Hovione and Dickstein Shapiro LLP are pleased to announce that the U.S. Patent and Trademark's Board of Patent Appeals and Interferences has reconfirmed Hovione's patent claims to a method of making flumethasone and its 17-carboxyl androsten analogue, two key intermediates on the synthesis of fluticasone, an important corticosteroid used in asthma medications, reversing a rejection by the reexamination examiner. The inter parties reexamination appeal decision, which found in favor of each of the firm's arguments, was issued on October 26, 2010.
"We are pleased that the board agreed with our demonstration that the method claimed in Hovione's patent was not obvious, despite the attempt by a competitor to show otherwise," said Edward Meilman, partner in Dickstein Shapiro's Intellectual Property Practice. Mr. Meilman handled the reexamination proceeding on behalf of Portugal-based international pharmaceutical company, Hovione.
Reexamination is a procedure in which a patent is reconsidered in light of prior art not previously considered during the original patenting procedure. Competitors often use this procedure in an effort to eliminate the patent entirely or limit it to a procedure which can be avoided. U.S. Patent Office statistics indicate that about half of reexamined patents do not meet the statutory requirement that a patented invention be unobvious.

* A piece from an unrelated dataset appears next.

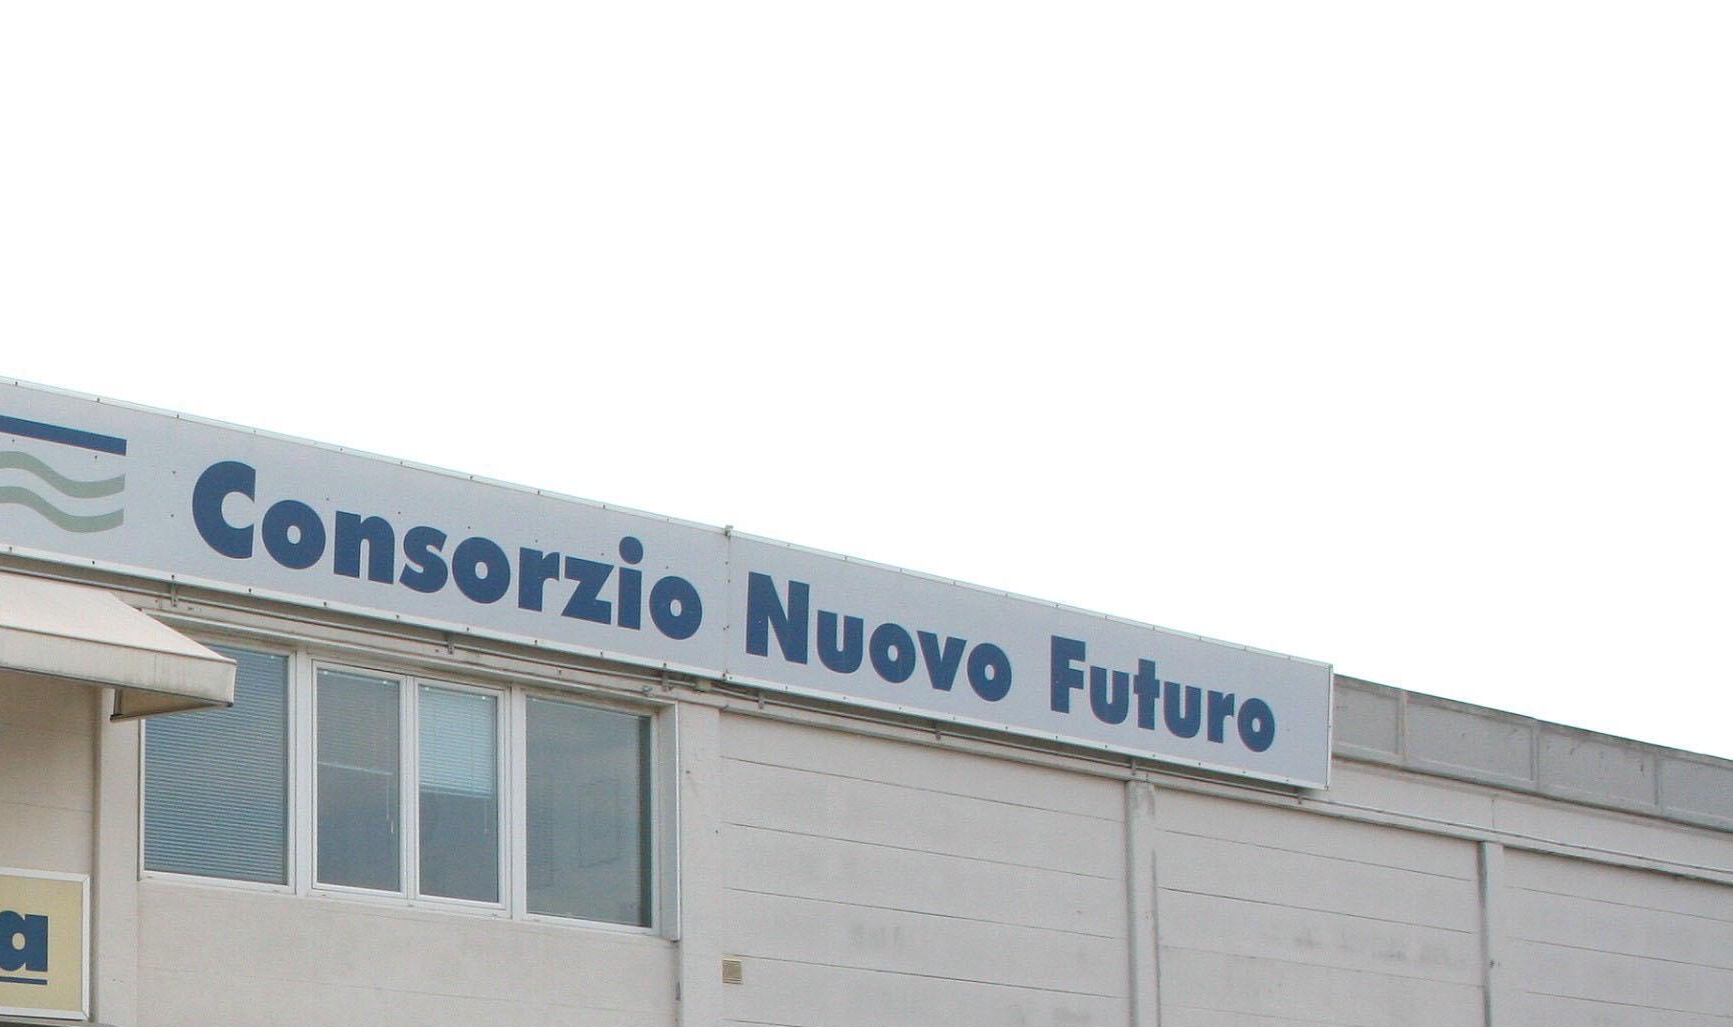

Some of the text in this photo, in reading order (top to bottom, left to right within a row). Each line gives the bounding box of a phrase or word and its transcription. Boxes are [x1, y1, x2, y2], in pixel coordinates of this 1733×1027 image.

The board here found that the determination that Hovione's method was not obvious at the time the patent was first issued was not changed by new prior art.

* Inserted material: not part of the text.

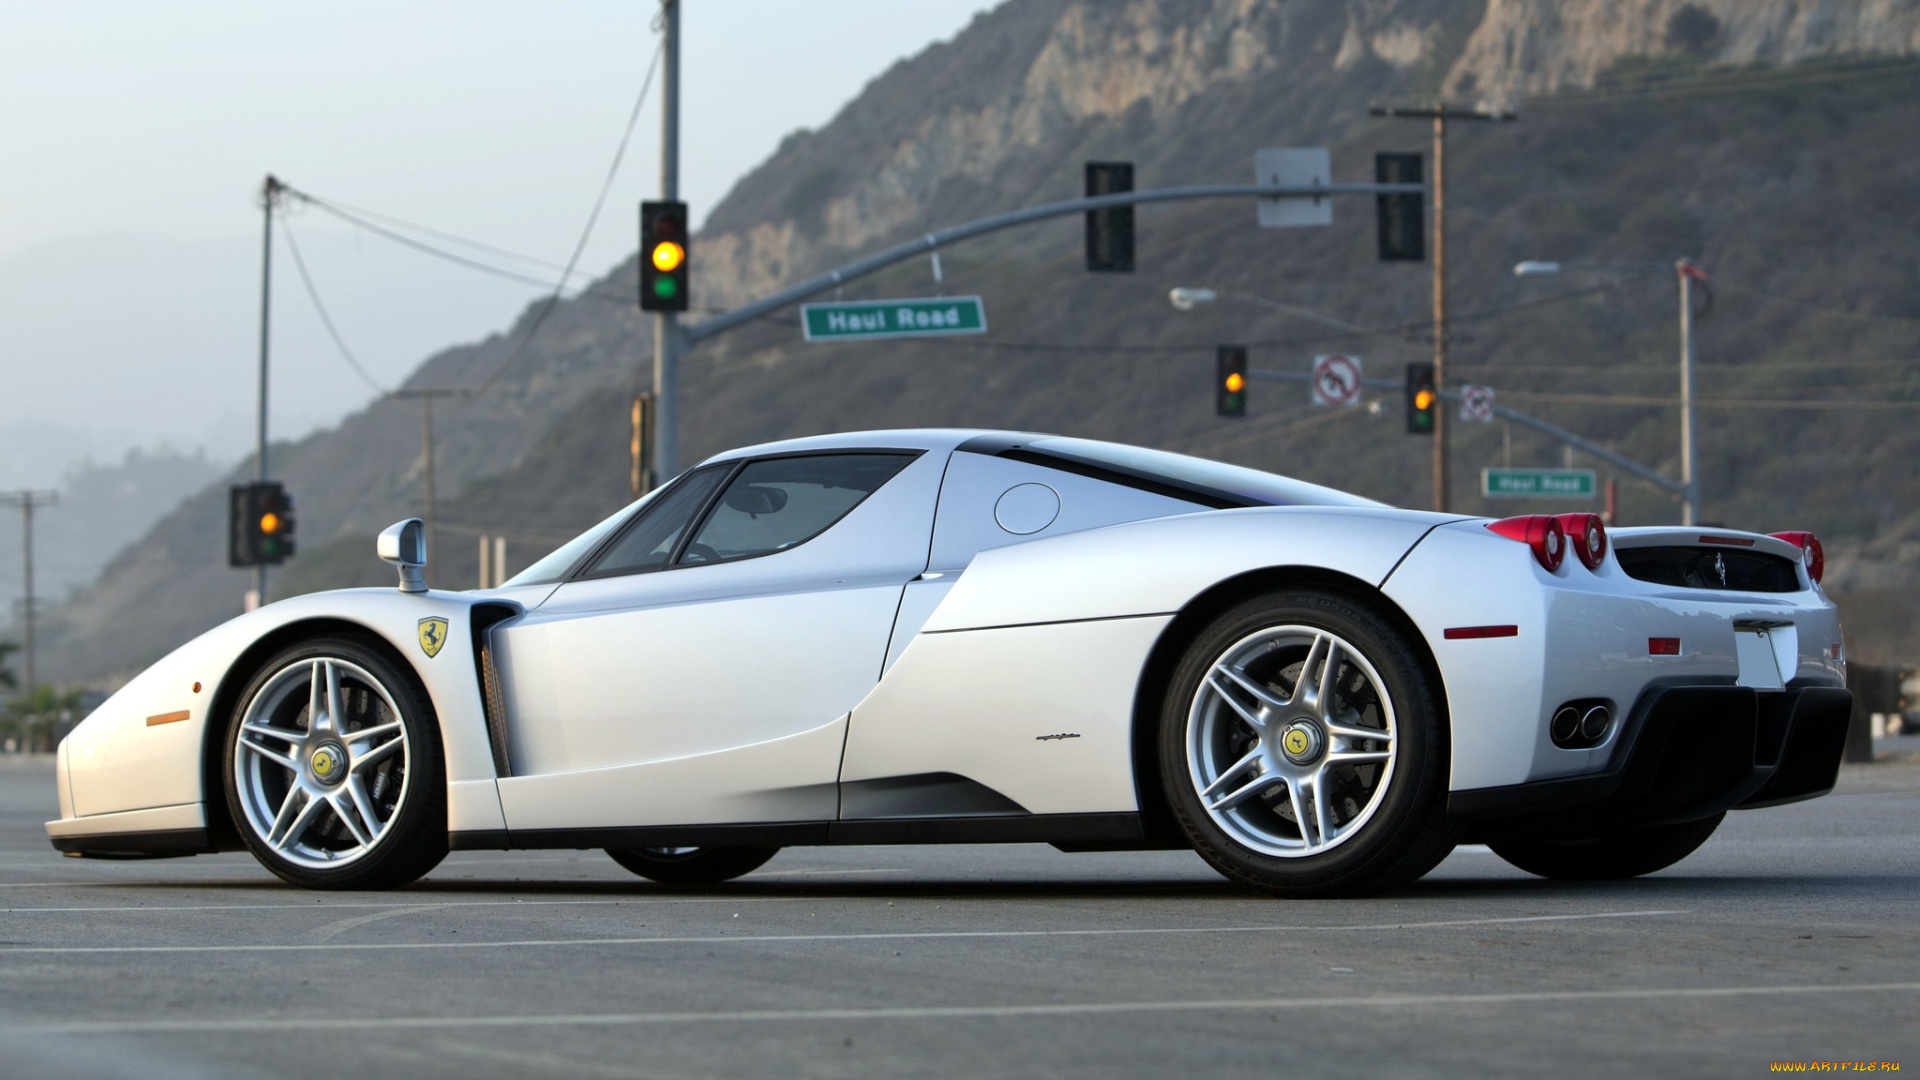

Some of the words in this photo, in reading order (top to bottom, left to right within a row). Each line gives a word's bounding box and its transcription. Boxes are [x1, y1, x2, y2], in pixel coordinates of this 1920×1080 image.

[827, 310, 885, 332] Haul
[897, 306, 960, 328] Road
[1541, 477, 1580, 491] Road

A competitor filed for inter parties reexamination in April 2005 based on prior art which was not considered during the prosecution of the patent. The reexamination examiner used that new art to find the patent claims were obvious and should be cancelled. When the examiner could not be persuaded to change that viewpoint, Dickstein Shapiro appealed on behalf of Hovione. An oral argument, at which the competitor also presented arguments, was held in September 2010.
The patented method involves complex steroid chemistry-an area in which Hovione has led since the 1960s-and a primary issue on the appeal was whether a particular compound was inherently formed in the course of performing the same process as previously as the result of using a stereoisomer of the compound used by the art in one step. A stereoisomer is a compound which is identical to another compound except that one group in the molecule has a different orientation in space when the three dimensional configuration is considered. The examiner advanced several scientific reasons to show Hovione's compound was inherently produced, and the firm countered with several scientific arguments that the examiner was wrong, including statements made by the competitor in its own patent which it had not brought to the attention of the U.S. Patent Office.
The appeals board accepted all of the firm's arguments, found that inherency had not been established, and rejected the arguments advanced by the examiner and the competitor.